Underestimation, the Young Woman’s Superpower
According to Ward, young women in the tech industry face a double whammy due to their gender and age. Ward produced her first tech conference in New York City at the Javits Center when she was just 21, and she found that everyone underestimated her. And when people underestimate you, “you have to play it to your advantage,” she told the audience. “As soon as people underestimate you, you have to ask yourself ‘how do I make this work for me?’”

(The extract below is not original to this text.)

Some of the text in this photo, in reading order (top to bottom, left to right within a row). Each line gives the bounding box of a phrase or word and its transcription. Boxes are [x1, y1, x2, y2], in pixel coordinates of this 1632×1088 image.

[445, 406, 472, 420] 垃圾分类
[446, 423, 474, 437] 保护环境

She recalled that, at that event, people frequently ignored her role as a leader or assumed that her role there was a junior one. When she received a few questions that none of the men were apparently getting, she knew that she had to push forward and stake her claim as a player and leader in the space, while retaining the more relevant parts of her role. Ward added, “If you have a question about the economics of this event, or where I think the startup community is going to be [in the future], I’m happy to help you with those questions or relationships.” You just have to own it, she advised.

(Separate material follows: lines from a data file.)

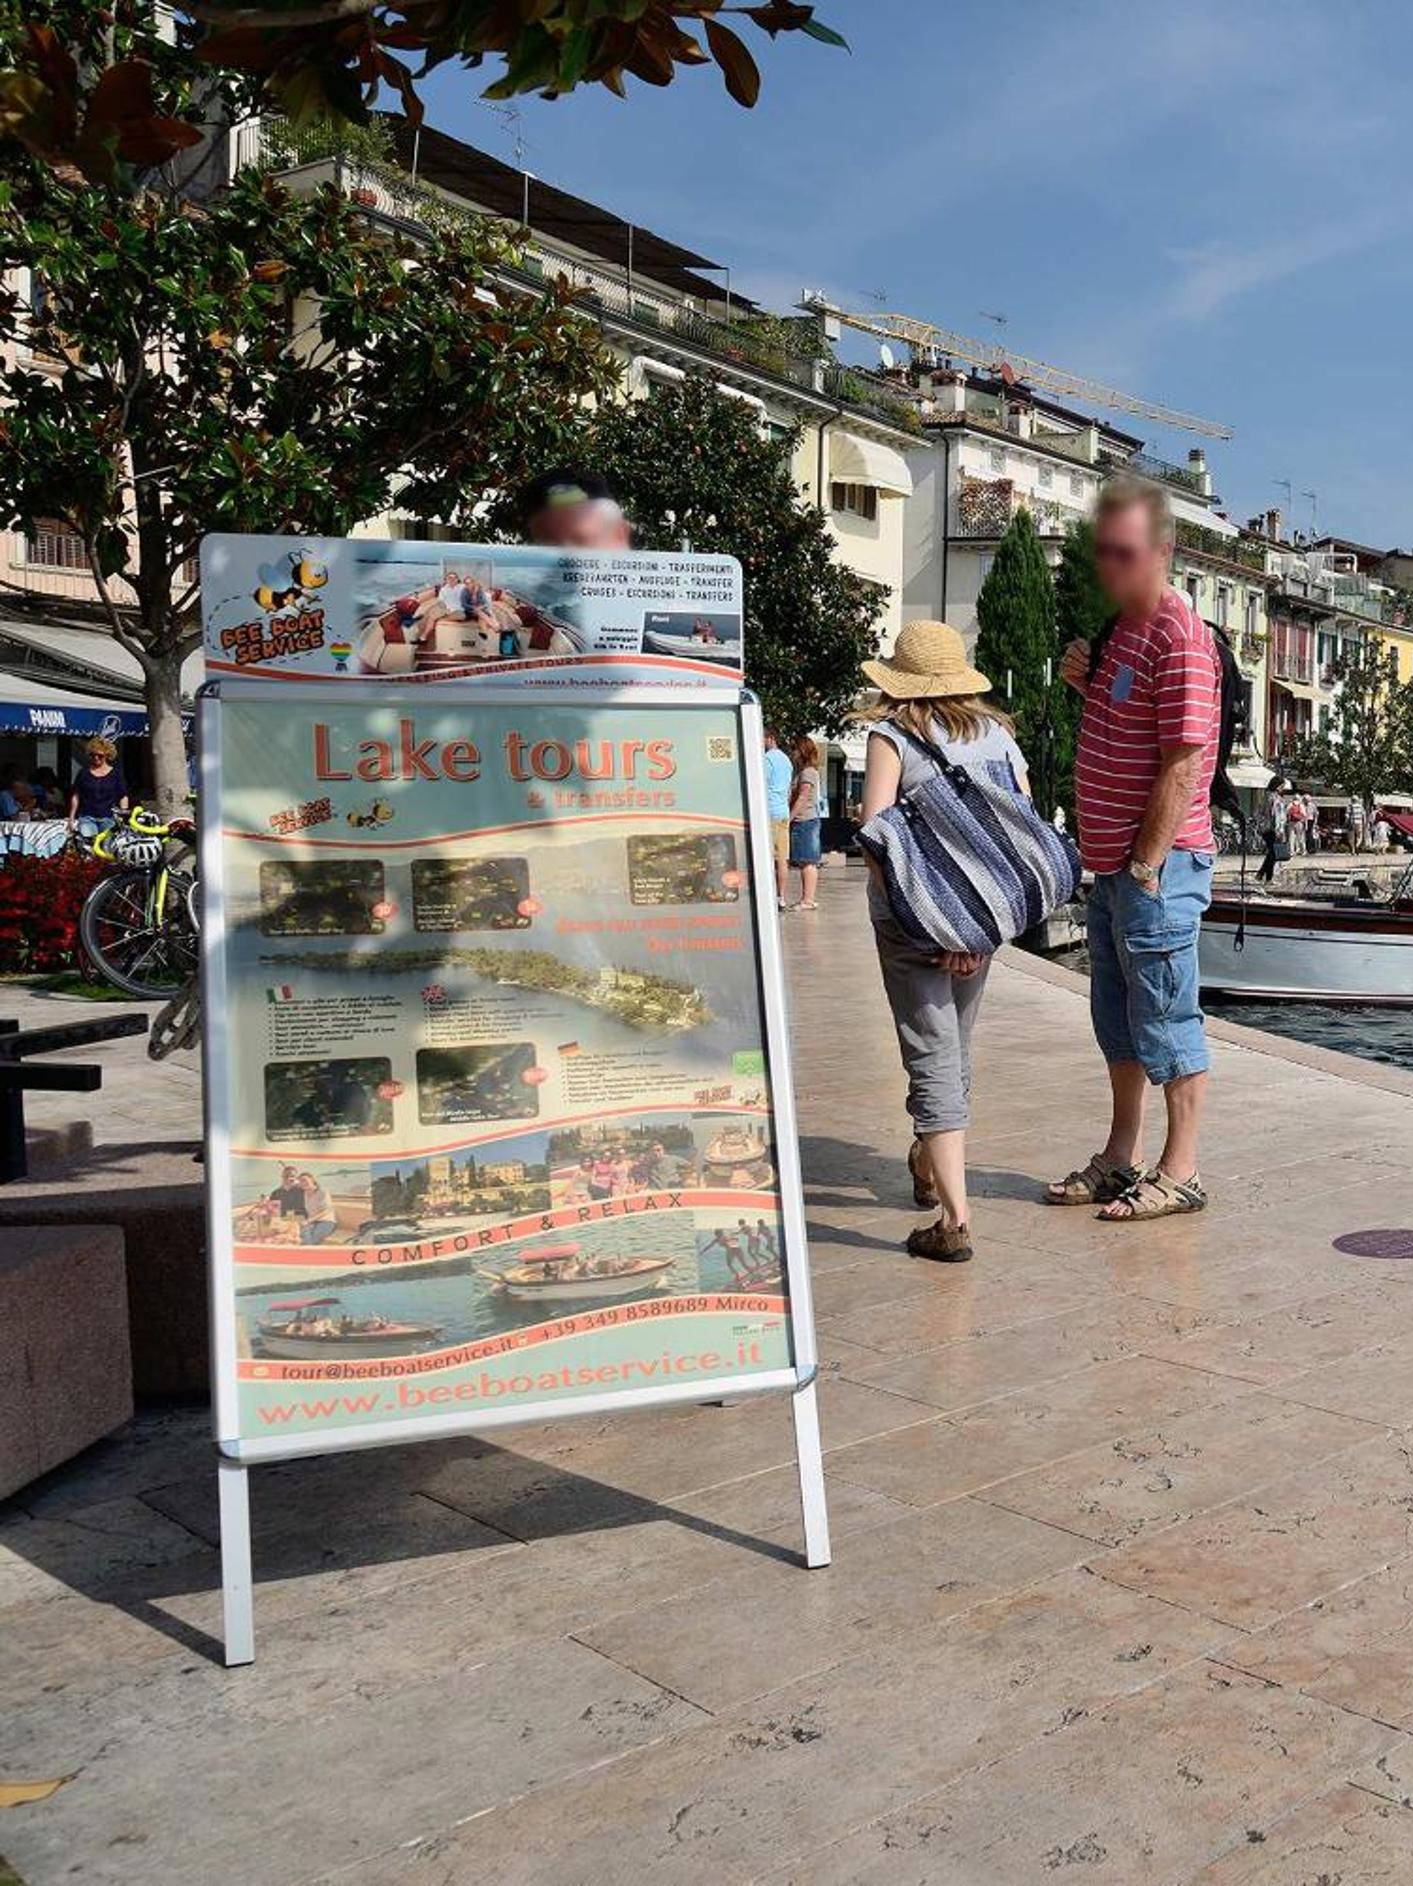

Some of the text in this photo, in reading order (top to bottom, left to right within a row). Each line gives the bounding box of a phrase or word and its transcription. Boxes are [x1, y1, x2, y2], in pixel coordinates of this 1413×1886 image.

[221, 608, 325, 649] BEE BOAT
[235, 629, 325, 665] SERVICE
[313, 718, 677, 782] Lake tours
[553, 786, 677, 809] transfers
[351, 1192, 683, 1266] COMFORT & RELAX
[281, 1297, 768, 1380] tour@beeboatservice.it +39 349 8589689 Mirco
[257, 1340, 763, 1425] www.beeboatservice.it
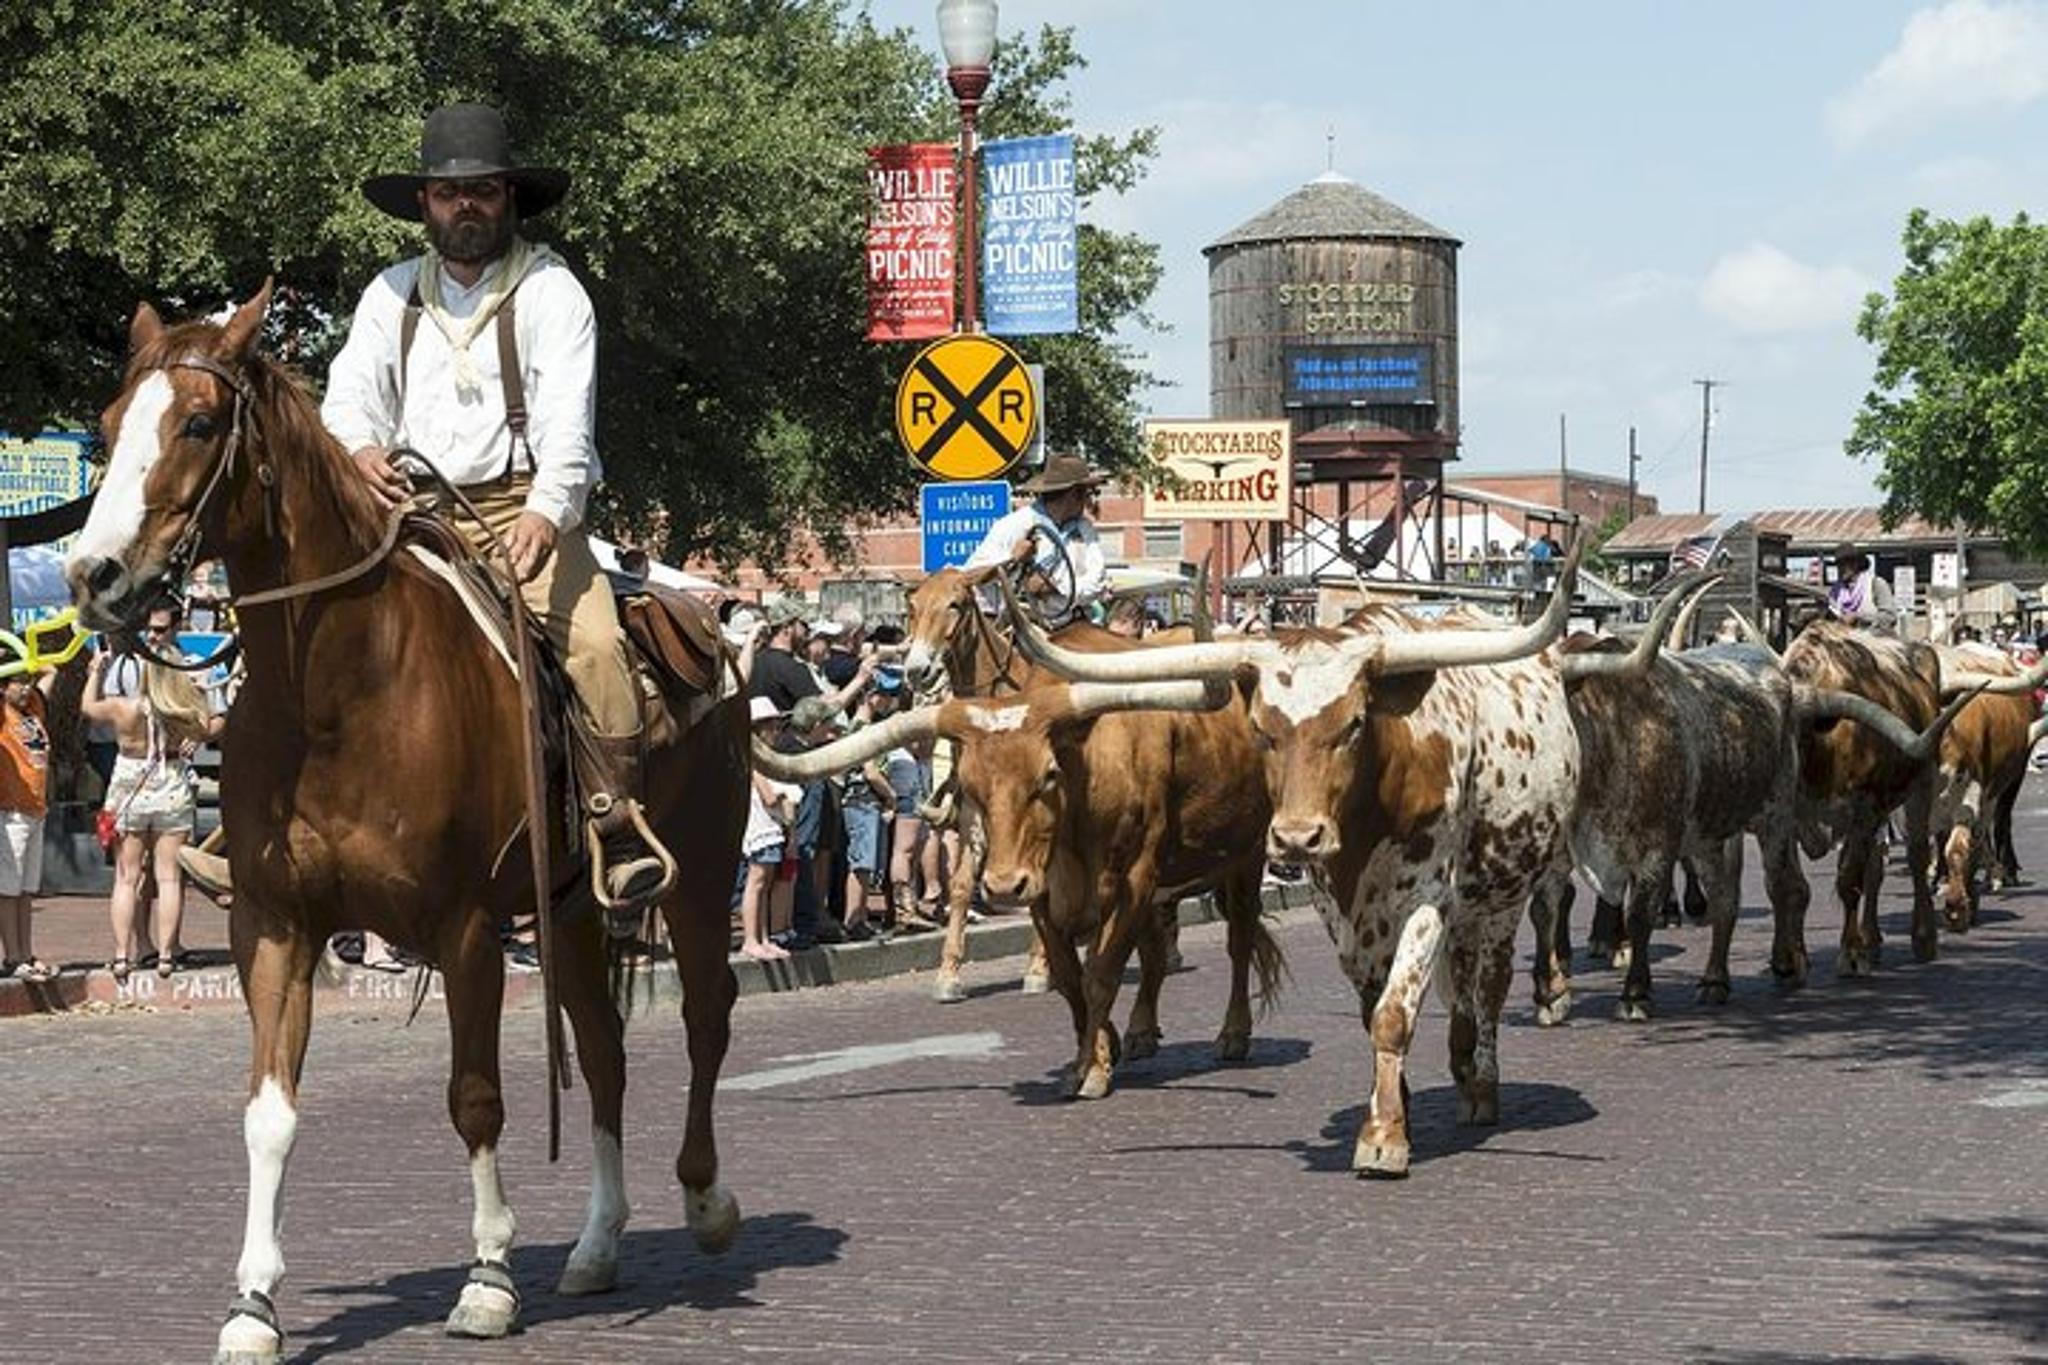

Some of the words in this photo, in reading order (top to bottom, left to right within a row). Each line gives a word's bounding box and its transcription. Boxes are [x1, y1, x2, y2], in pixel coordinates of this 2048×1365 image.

[867, 167, 954, 200] WILLIE
[987, 158, 1073, 196] WILLIE
[989, 193, 1073, 222] NELSON'S
[869, 249, 952, 281] PICNIC
[986, 240, 1074, 275] PICNIC
[1305, 311, 1402, 334] STATION
[911, 391, 937, 426] R
[1000, 388, 1025, 424] R
[1151, 428, 1283, 462] STOCKYARDS
[926, 518, 997, 535] INFORMATI
[943, 540, 981, 557] CENT
[117, 973, 156, 1000] NO
[172, 972, 241, 1001] PARK

How to Close the Gender Gap
Savarese asked the group “What tactic or new strategy would you want to implement over the next couple of years, short or long term, that you think will help close the gender gap?”
Ward said that closing the gender gap actually begins with the hiring and sourcing process. “To me, that’s figuring out the inherent bias that’s in the writing of job descriptions, and also the writing and coding of the technology that a lot of companies use to sort through applications using AI [artificial intelligence] or using other technologies that pick up key words or contextual information.” She added, “I do think there is a big opportunity to really look at the way in which we are writing and promoting and leveraging data, or technology, or even just the way we are going out to the market to bring in a more diverse candidate pool.”

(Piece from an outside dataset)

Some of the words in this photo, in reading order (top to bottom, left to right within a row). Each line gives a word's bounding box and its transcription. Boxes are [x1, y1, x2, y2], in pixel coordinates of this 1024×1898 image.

Gaudio said that at her company communications goes a long way towards closing the gender gap. “I think when you work in a really good team, and you’ve worked with really good people, and you’re trying to work with different perspectives, there’s going to be differences of opinions and handling of things differently than one would want. The way that you solve that is educating each other on how we’re going to be treated, and how we’re going to go to a meeting together, and how we’re going to present ideas, and figuring out who should be in that meeting, and why they should be in that meeting, and what is the impact of their meeting. And I think that helps close the gender gap in all sorts of ways.”
Referring to the pay gap that still plagues women in the workplace, she said, “I really think people are talking about pay way more — women, obviously, and people of color, especially because there’s such a discrepancy. But also in states like New York, they’re saying you have to post when you’re recruiting … about what the salary is, which stirs whole other conversations around making things visible and transparent. So policies are going to force us that way. And, as human beings, we should be heading in that direction voluntarily anyway.”
Pietrocola said that, at Momentum, “we’ve actually coined the term ‘care-frontation.’” This is about “confronting a person because you care about that person, and you don’t want to have divisions in that working relationship.” For example, someone could say, “What you said was offensive” or “I don’t understand why this happened.” A lot of us weren’t raised with healthy confrontational skills, she noted, and some are passively aggressive, which doesn’t make for a healthy workplace environment.